Problem:
Set down again each entry exactly as it reads, pictures excluded.

========

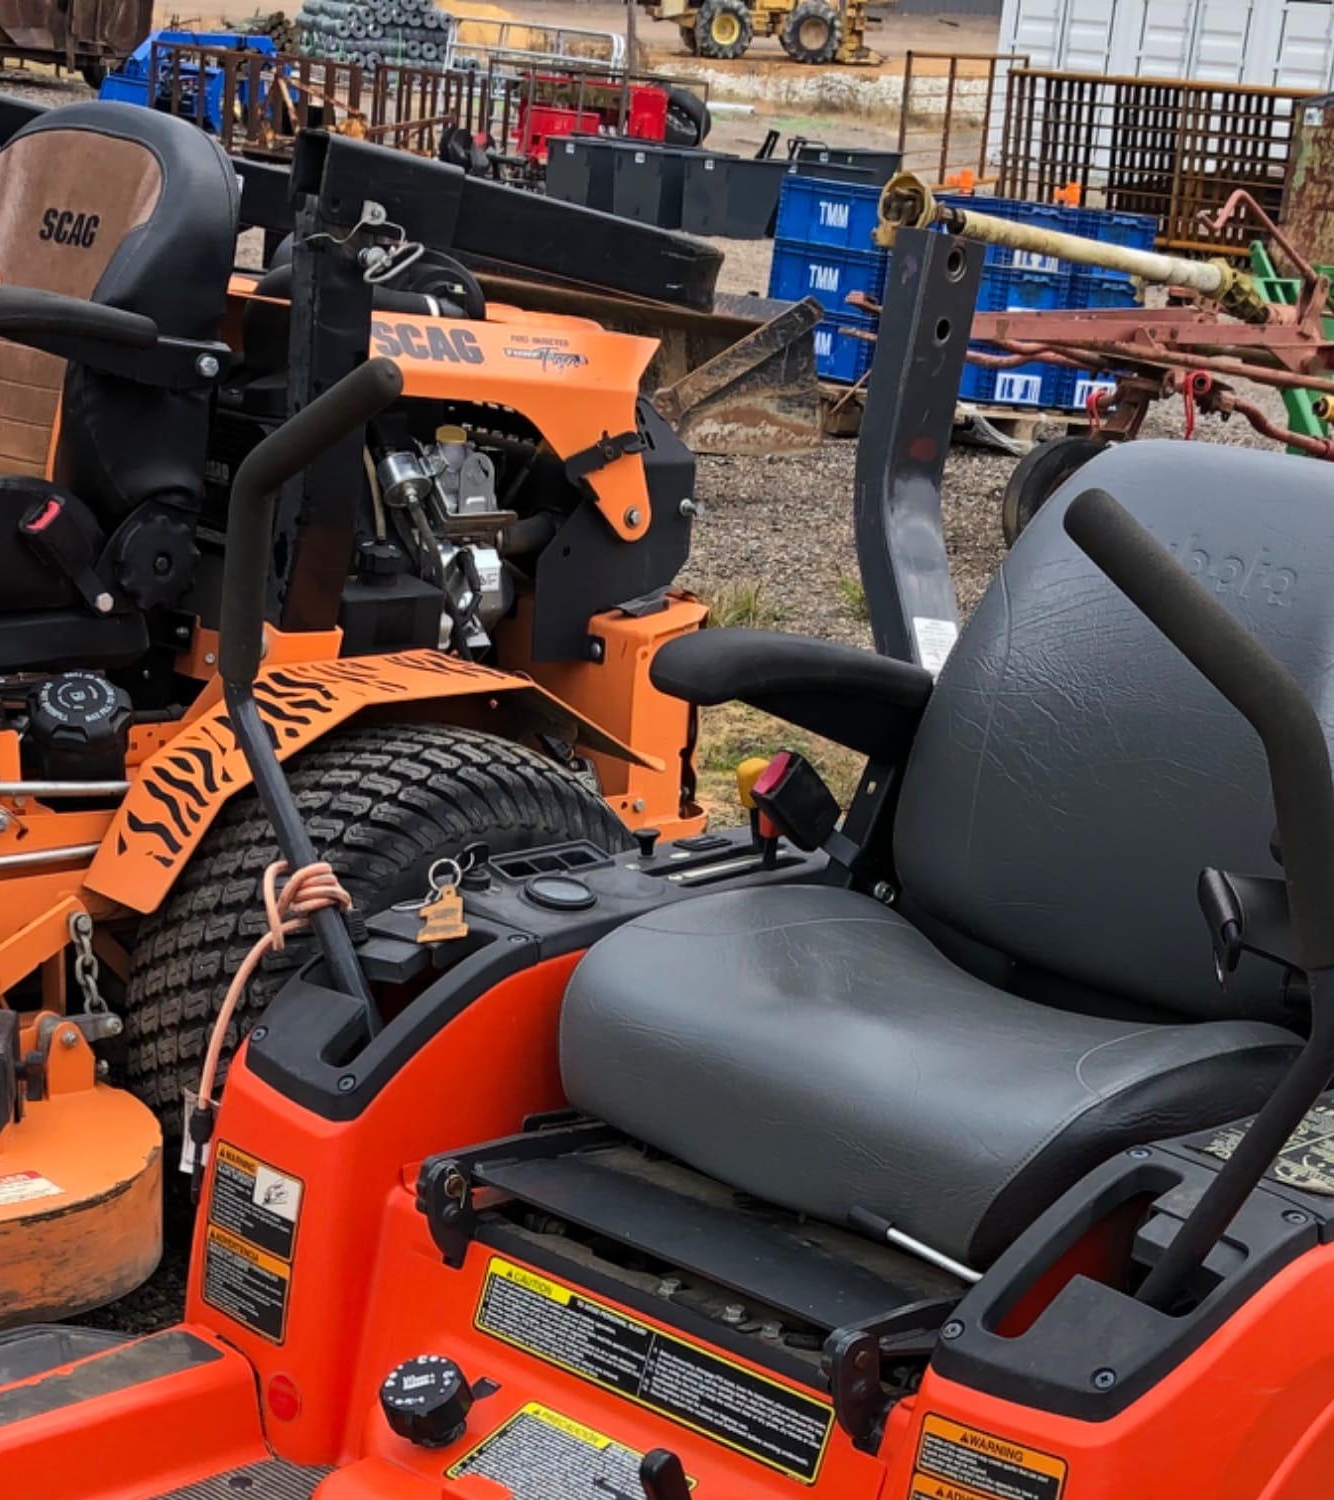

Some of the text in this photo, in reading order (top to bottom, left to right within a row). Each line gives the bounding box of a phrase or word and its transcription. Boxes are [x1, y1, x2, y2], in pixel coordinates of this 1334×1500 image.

[39, 208, 100, 248] SCAG
[819, 201, 849, 229] TMM
[809, 264, 839, 292] TMM
[371, 320, 485, 364] SCAG
[814, 331, 832, 356] MM
[514, 1274, 553, 1295] CAUTION
[968, 1434, 1024, 1463] WARNING

========

Result of the exercise:
Some of the text in this photo, in reading order (top to bottom, left to right within a row). Each line gives the bounding box of a phrase or word and its transcription. Boxes are [x1, y1, x2, y2], in pixel coordinates of this 1334×1500 image.

[39, 208, 100, 248] SCAG
[819, 201, 849, 229] TMM
[809, 264, 839, 292] TMM
[371, 320, 485, 364] SCAG
[814, 331, 832, 356] MM
[514, 1274, 553, 1295] CAUTION
[968, 1434, 1024, 1463] WARNING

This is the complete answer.